(Phrase grounding data)
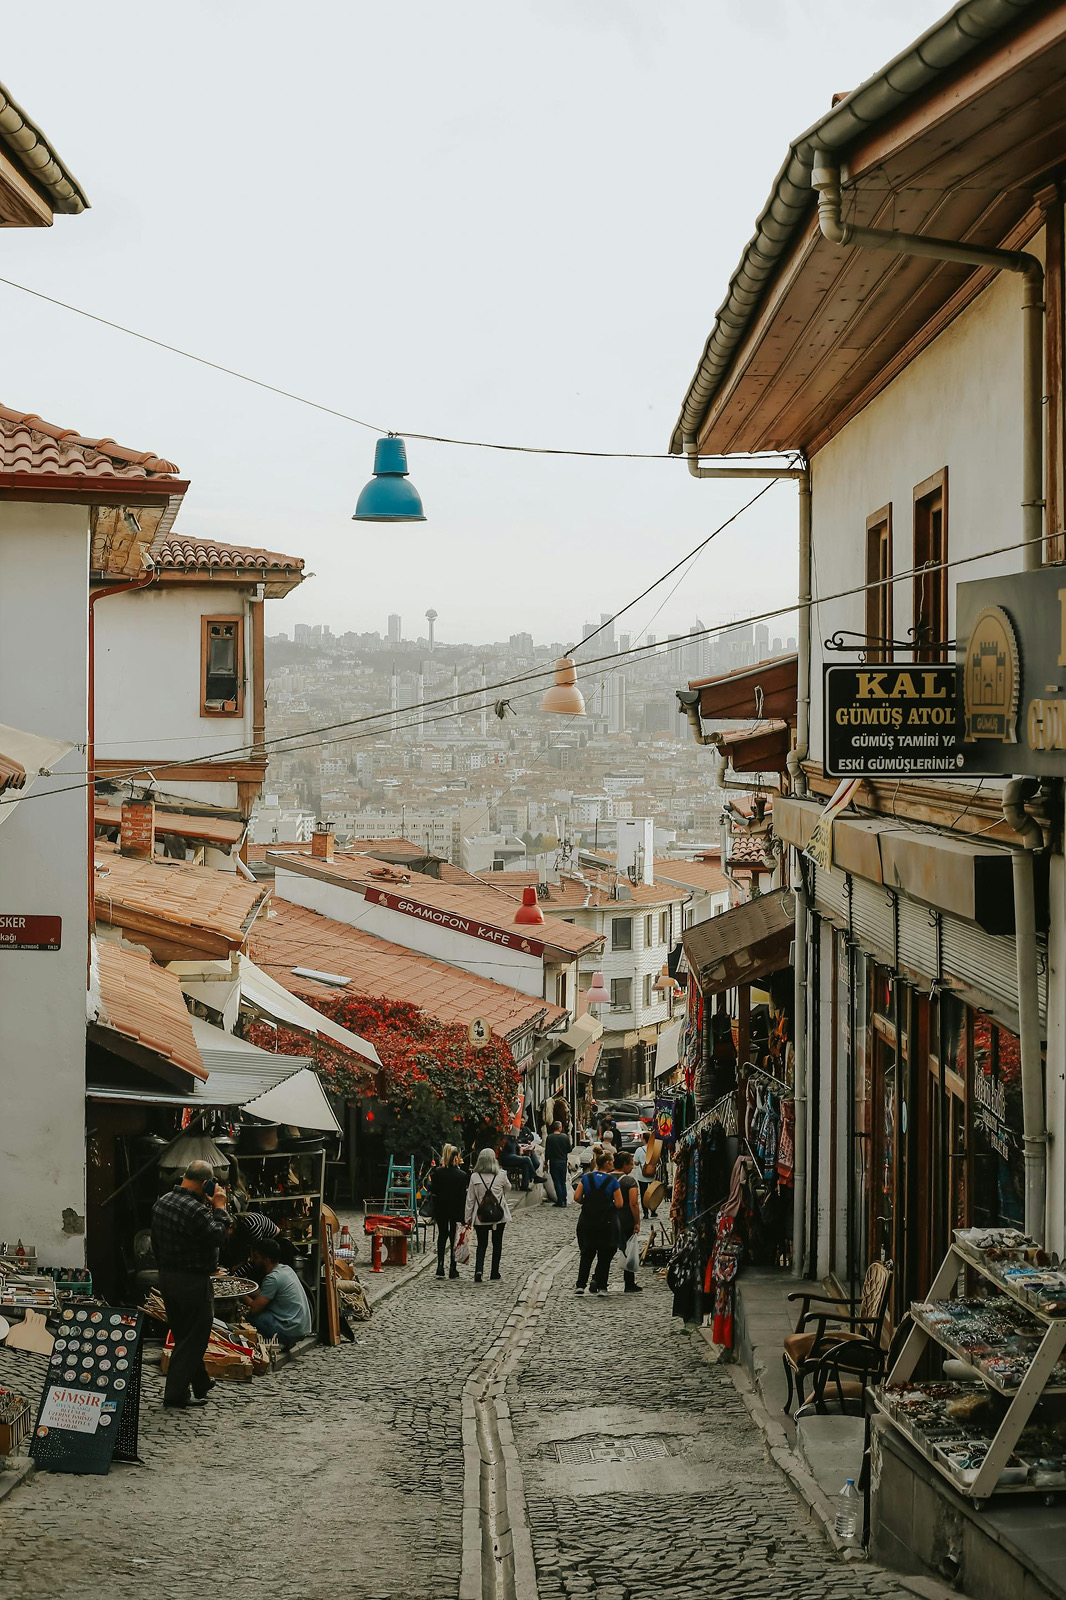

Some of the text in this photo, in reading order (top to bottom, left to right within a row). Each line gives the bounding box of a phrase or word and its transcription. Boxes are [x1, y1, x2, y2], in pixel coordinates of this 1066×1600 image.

[835, 702, 956, 730] GÜMÜŞ ATOL
[977, 715, 998, 734] GÜMÜŞ
[851, 733, 895, 750] GÜMÜŞ
[897, 733, 939, 747] TAMİRİ
[838, 756, 864, 769] ESKİ
[867, 756, 956, 773] GÜMÜŞLERİNİZ
[0, 917, 26, 928] SKER
[397, 901, 511, 945] GRAMOFON KAFE
[53, 1389, 101, 1407] ŞİMŞİR

-- Work request --
Exclude every picture and copy the remaining data exactly.

-- Problem solution --
Some of the text in this photo, in reading order (top to bottom, left to right within a row). Each line gives the bounding box of a phrase or word and its transcription. Boxes are [x1, y1, x2, y2], in pixel coordinates of this 1066×1600 image.

[835, 702, 956, 730] GÜMÜŞ ATOL
[977, 715, 998, 734] GÜMÜŞ
[851, 733, 895, 750] GÜMÜŞ
[897, 733, 939, 747] TAMİRİ
[838, 756, 864, 769] ESKİ
[867, 756, 956, 773] GÜMÜŞLERİNİZ
[0, 917, 26, 928] SKER
[397, 901, 511, 945] GRAMOFON KAFE
[53, 1389, 101, 1407] ŞİMŞİR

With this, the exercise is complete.